Dans notre monde moderne, la notion d'expertise est cruciale pour guider les décisions et les politiques dans divers domaines (justice / médecine / changement climatique / diplomatie / capitalisme versus socialisme etc.). 

Un expert est une personne censée posséder des connaissances et des compétences approfondies dans un domaine particulier. Cette expertise est souvent reconnue par des diplômes académiques, des publications scientifiques et une reconnaissance par les pairs. Les experts jouent un rôle essentiel dans la société en fournissant des analyses et des recommandations "théoriquement éclairées".

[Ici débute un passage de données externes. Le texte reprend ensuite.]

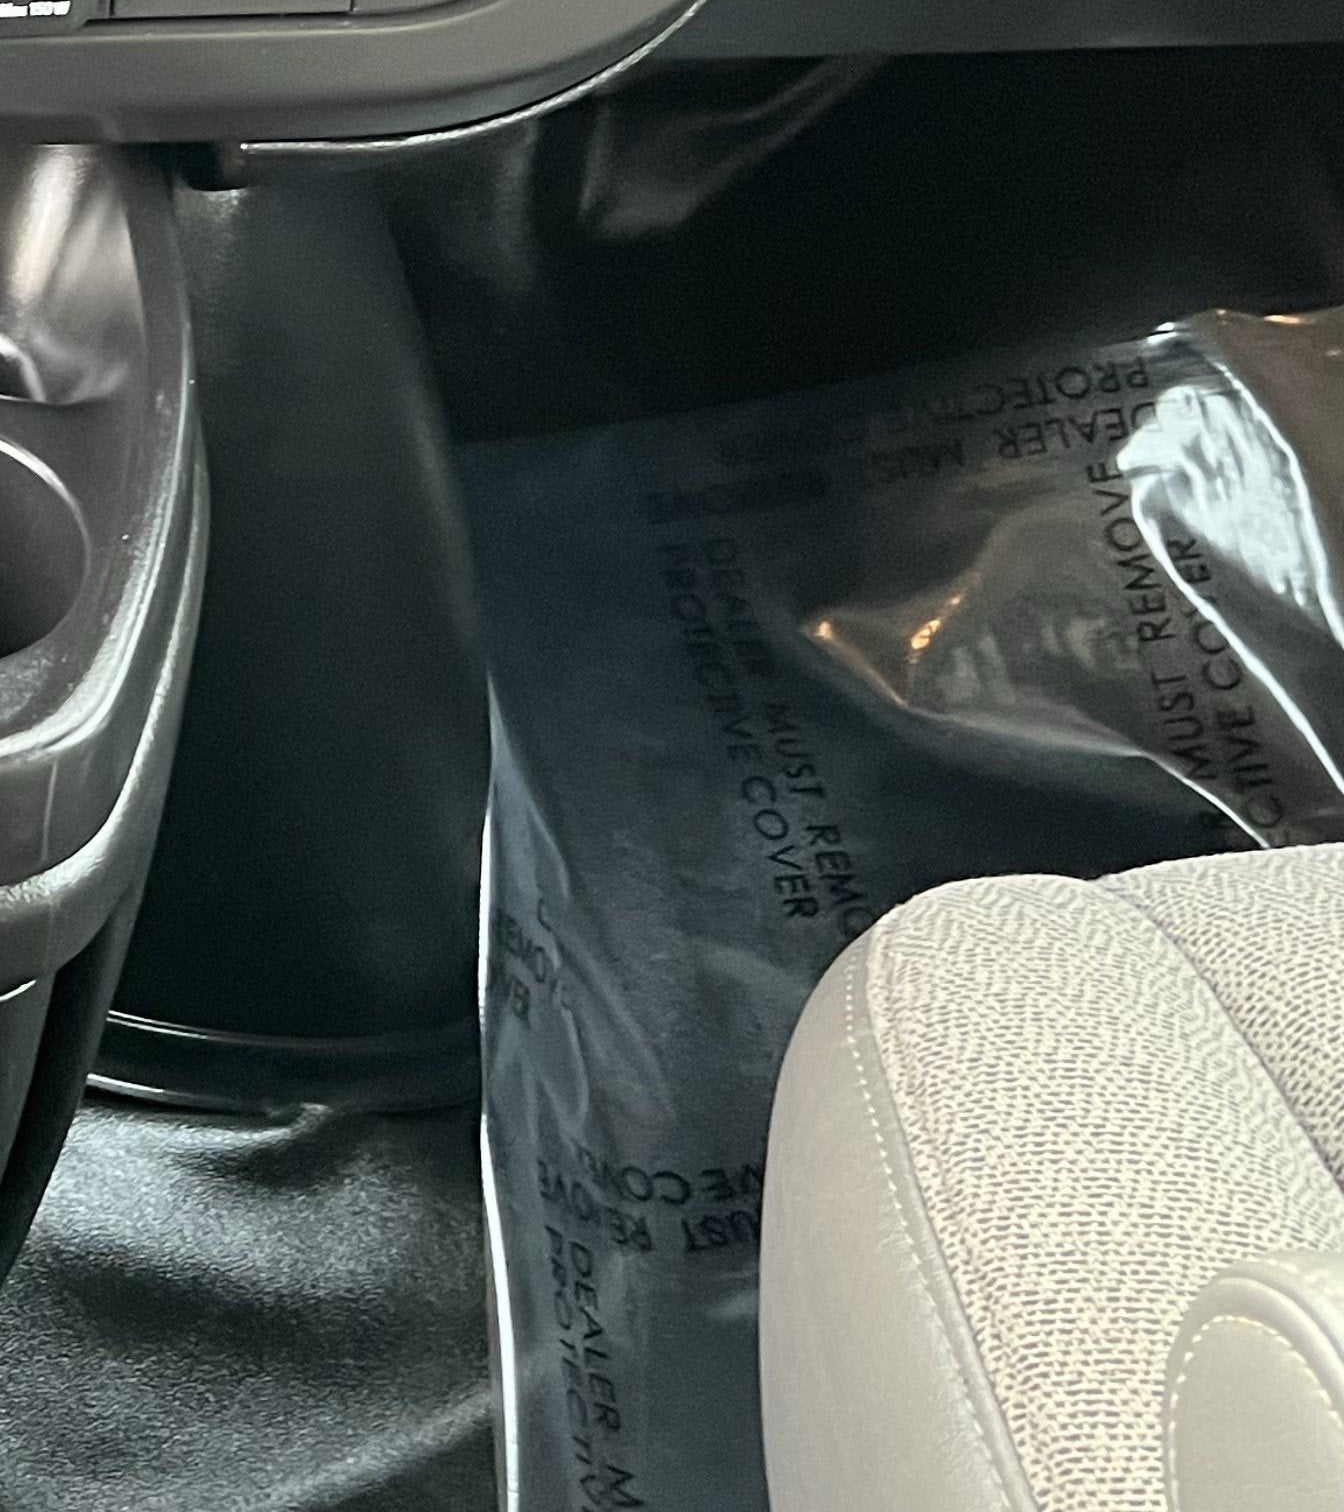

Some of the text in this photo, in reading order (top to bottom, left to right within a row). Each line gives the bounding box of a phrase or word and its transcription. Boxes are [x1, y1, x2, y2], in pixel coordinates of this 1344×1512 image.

Cependant, les avis des experts peuvent varier considérablement, souvent influencés en fait par des idéologies - systèmes de croyances et de valeurs sous-jacentes - qui façonnent les perspectives de ces experts et peuvent conduire à des avis divergents sur un même sujet. 

Quelques exemples bien connus :

  • Galilée et Newton ont remis en question les croyances religieuses et philosophiques de leur époque en introduisant des idéologies scientifiques basées sur l'observation et l'expérimentation.
  • Charles Darwin a révolutionné notre compréhension de la vie avec sa théorie de l'évolution par sélection naturelle, en conflit à nouveau avec les croyances religieuses traditionnelles et les "experts" de la Bible.
  • Les économistes ont soutenu différentes idéologies économiques, telles que le capitalisme et le socialisme, chacune proposant des visions distinctes concernant le développement industriel et les attentes humaines. 
    • D'un côté la position (néo)libérale, libertarienne, conservatrice (voire réactionnaire) qui considère que l'impôt est un vol du travail et "qu'on paye déjà assez d'impôts comme ça" (voir Moi, moi, moi... Ayn Rand, la libertarienne adorée de Trump). L'Autre n'a qu'a se débrouiller pour survivre. La redistribution se doit d'être la plus minime qui soit. Les "riches" font marcher l'économie et si on les taxe "trop", ils vont s'exiler et l'économie nationale s'effondrera pour le malheur de tous, dont les pauvres. D'ailleurs, pour les économiste de ce bord, la courbe de Laffer démontre bien que "trop d'impôt tue l'impôt". Ce qui est FAUX (en tout cas jamais prouvé, bien au contraire) :

    • A l'opposé, les "progressistes" de gauche considèrent que la (re)connaissance des déterminants génétiques et sociaux est essentielle pour comprendre et agir sur le monde ; que personne ne "vaut" 100, 500, 1000 fois son voisin en termes de revenus ; que les inégalités criantes actuelles sont illégitimes ; que les plus riches volent de façon légale (tout ce qui est légal n'est pas forcément moral) et doivent donc être taxés en définissant un maximum de revenu global (il me semble que 20 fois le SMIC permettrait une aisance financière suffisante pour ceux dont les efforts et compétences sont les plus "pointus", sans oublier les métiers à risque). Même réflexion concernant capitaux et héritages.
    • En fait, la lutte des classes continue de plus belle. Comme l’a déclaré en 2005 Warren Buffett, l’une des premières fortunes mondiales  :

      « Il y a une guerre des classes, c’est un fait. Et c’est ma classe, la classe des riches, qui mène cette guerre et qui est en train de la gagner. »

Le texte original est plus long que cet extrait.